Update: This issue is now fixed. As noted in the comments by Erik Michaels-Ober, patch has been committed and deployed to the API of Rubygems website.

I built a very small gem yesterday for translating model fields stored in the same model model_fields_i18n and was trying to push it to Rubygems, but was getting this error:

$ gem push pkg/model_fields_i18n-0.0.1.gem 
Pushing gem to https://rubygems.org...
ERROR:  While executing gem ... (Gem::RemoteFetcher::FetchError)
    too many connection resets (https://rubygems.org/api/v1/gems)

Trying different connections didn’t helped and also Google search didn’t reveal anything. But, today I found a very fresh solution on Rubygems support page which I think is worth sharing here. So, when you try pushing a gem to Rubygems using:

$ gem push model_fields_i18n-0.0.1.gem

gem push command asks you for your credentials which if you set correctly, they will be stored in the ~/.gem/credentials file and in a wrong format like:

--- 
:rubygems_api_key: "{\"rubygems_api_key\":\"1234567890\"}"

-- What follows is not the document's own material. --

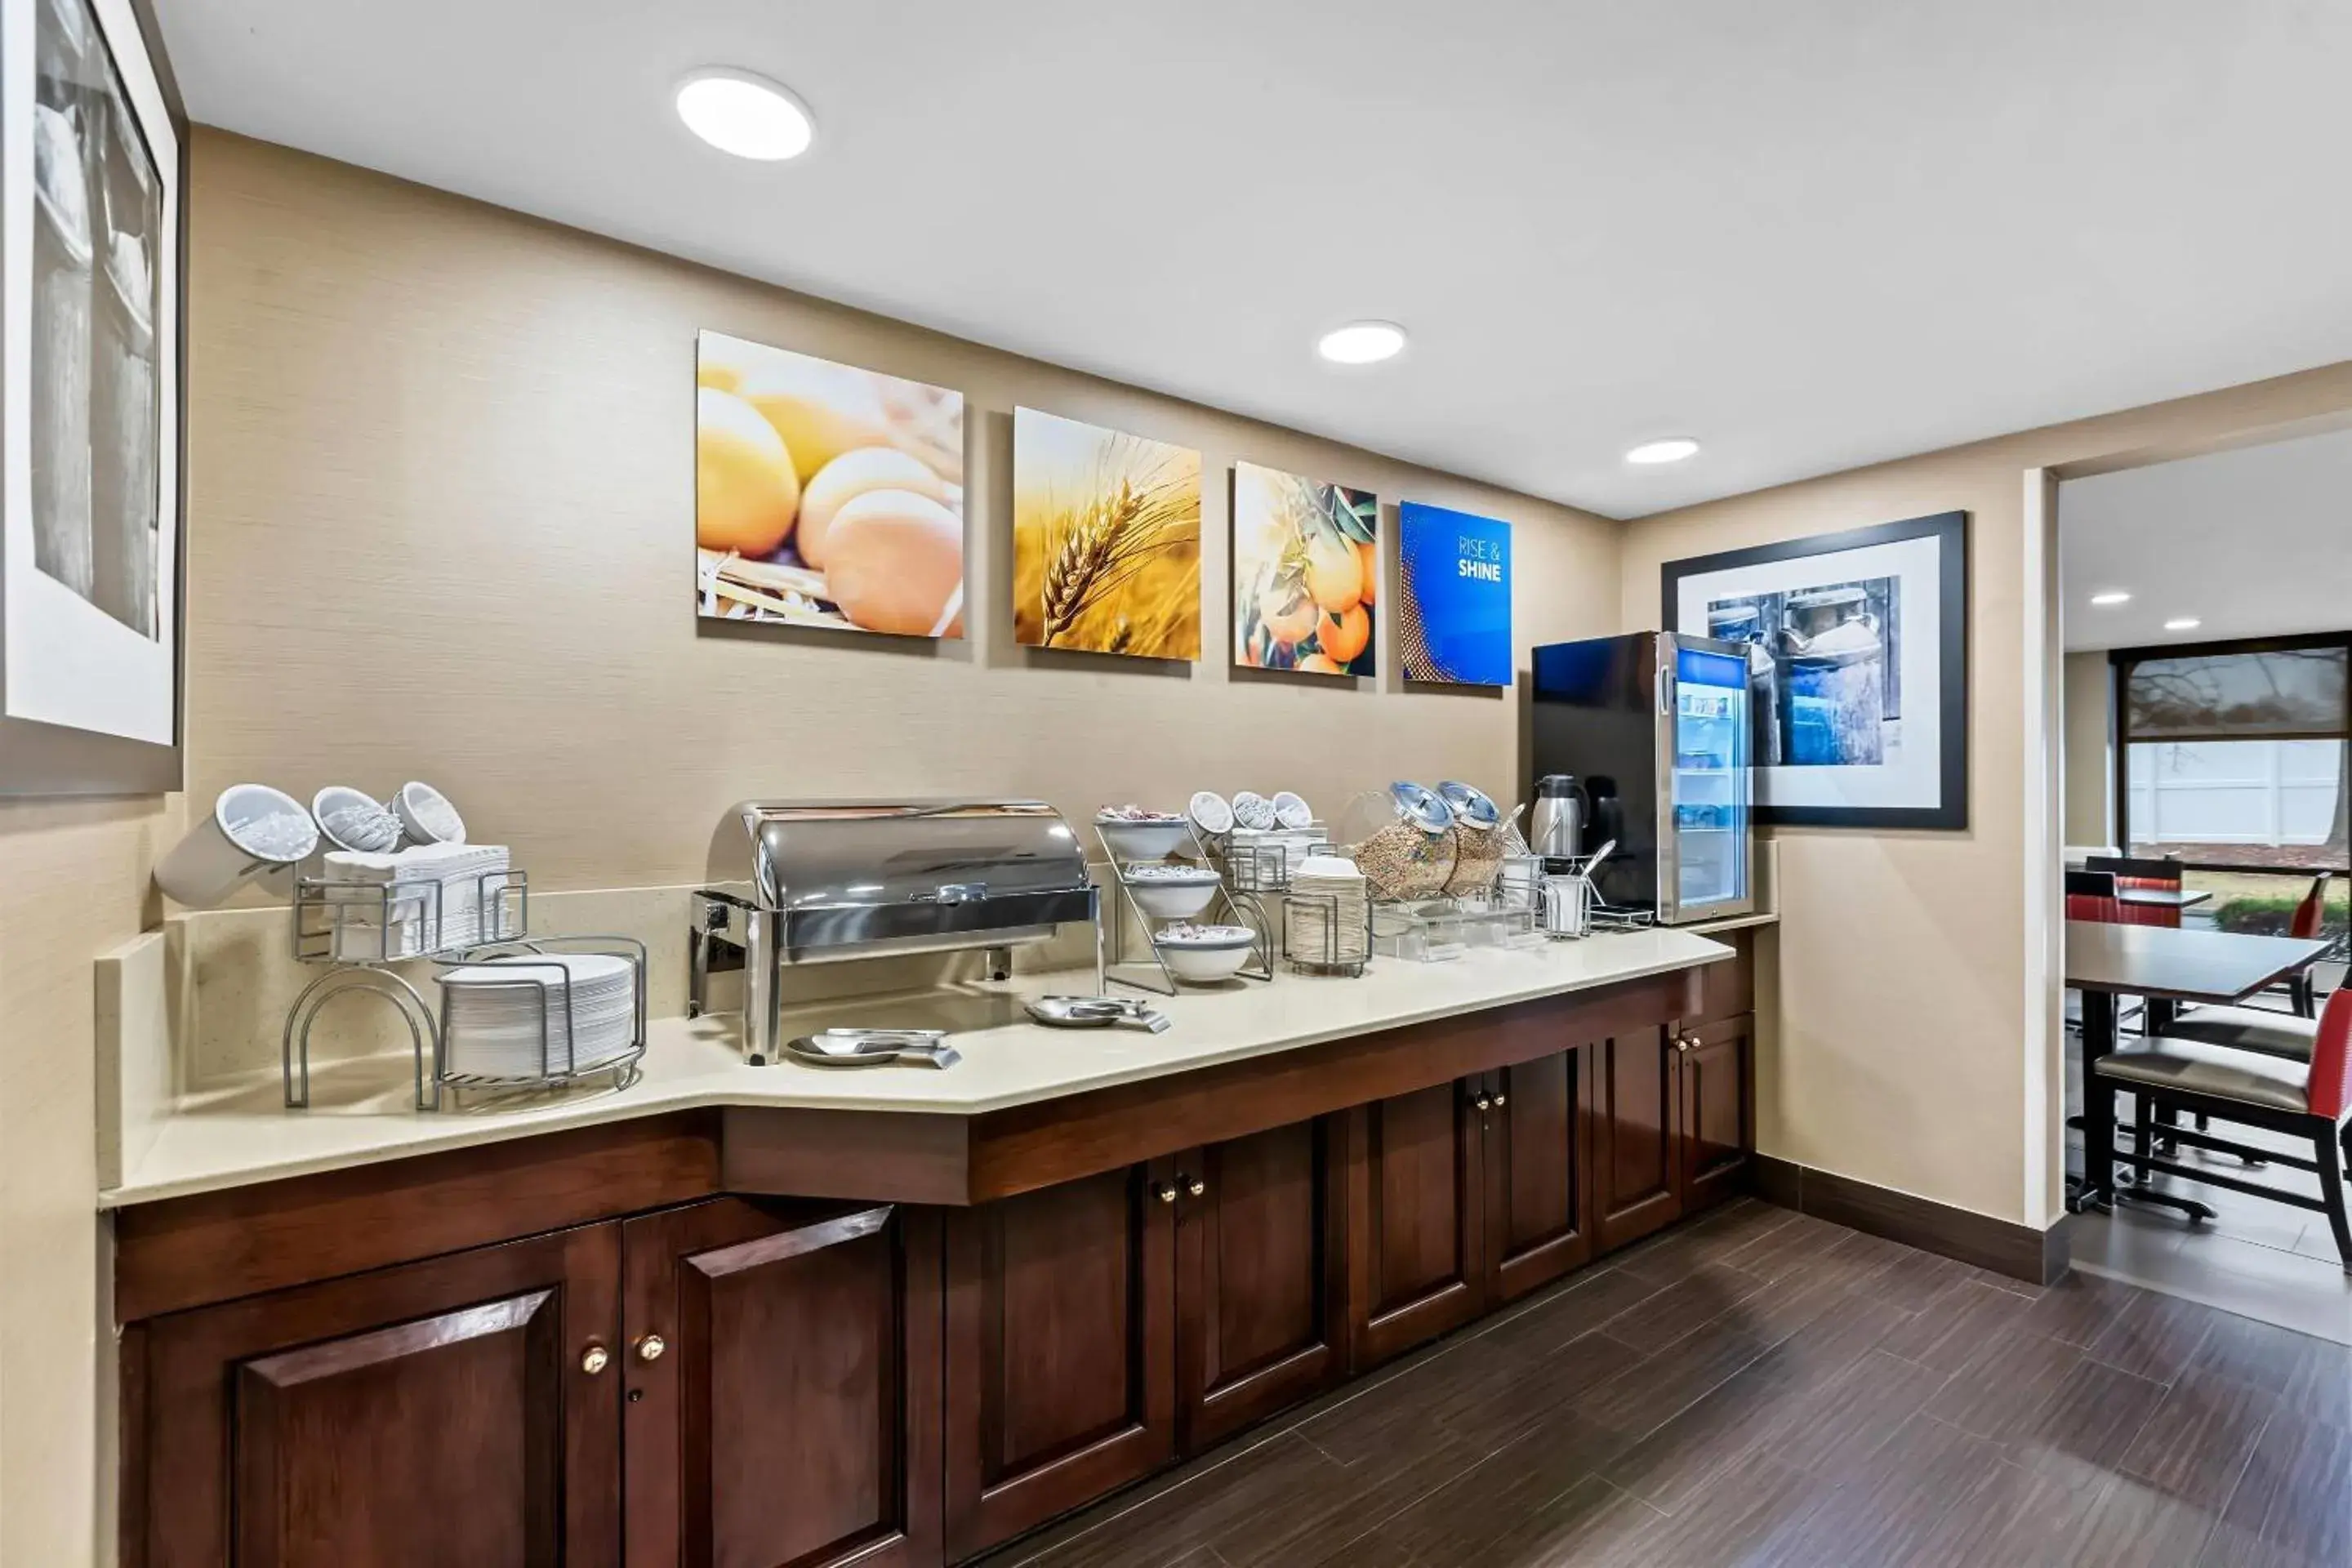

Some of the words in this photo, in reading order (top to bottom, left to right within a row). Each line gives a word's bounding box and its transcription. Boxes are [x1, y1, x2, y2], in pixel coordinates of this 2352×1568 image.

To fix the issue, you need to change the format as:

--- 
:rubygems_api_key: "1234567890"

Then you can successfully push your gem to Rubygems.

$ gem push pkg/model_fields_i18n-0.0.1.gem 
Pushing gem to https://rubygems.org...
Successfully registered gem: model_fields_i18n (0.0.1)

On the other note, if you want to build your own gem with the latest best practices in mind, I recommend reading this great Extending Active Record blog post by Ryan Bigg and also you can check New Gem with Bundler Railscast.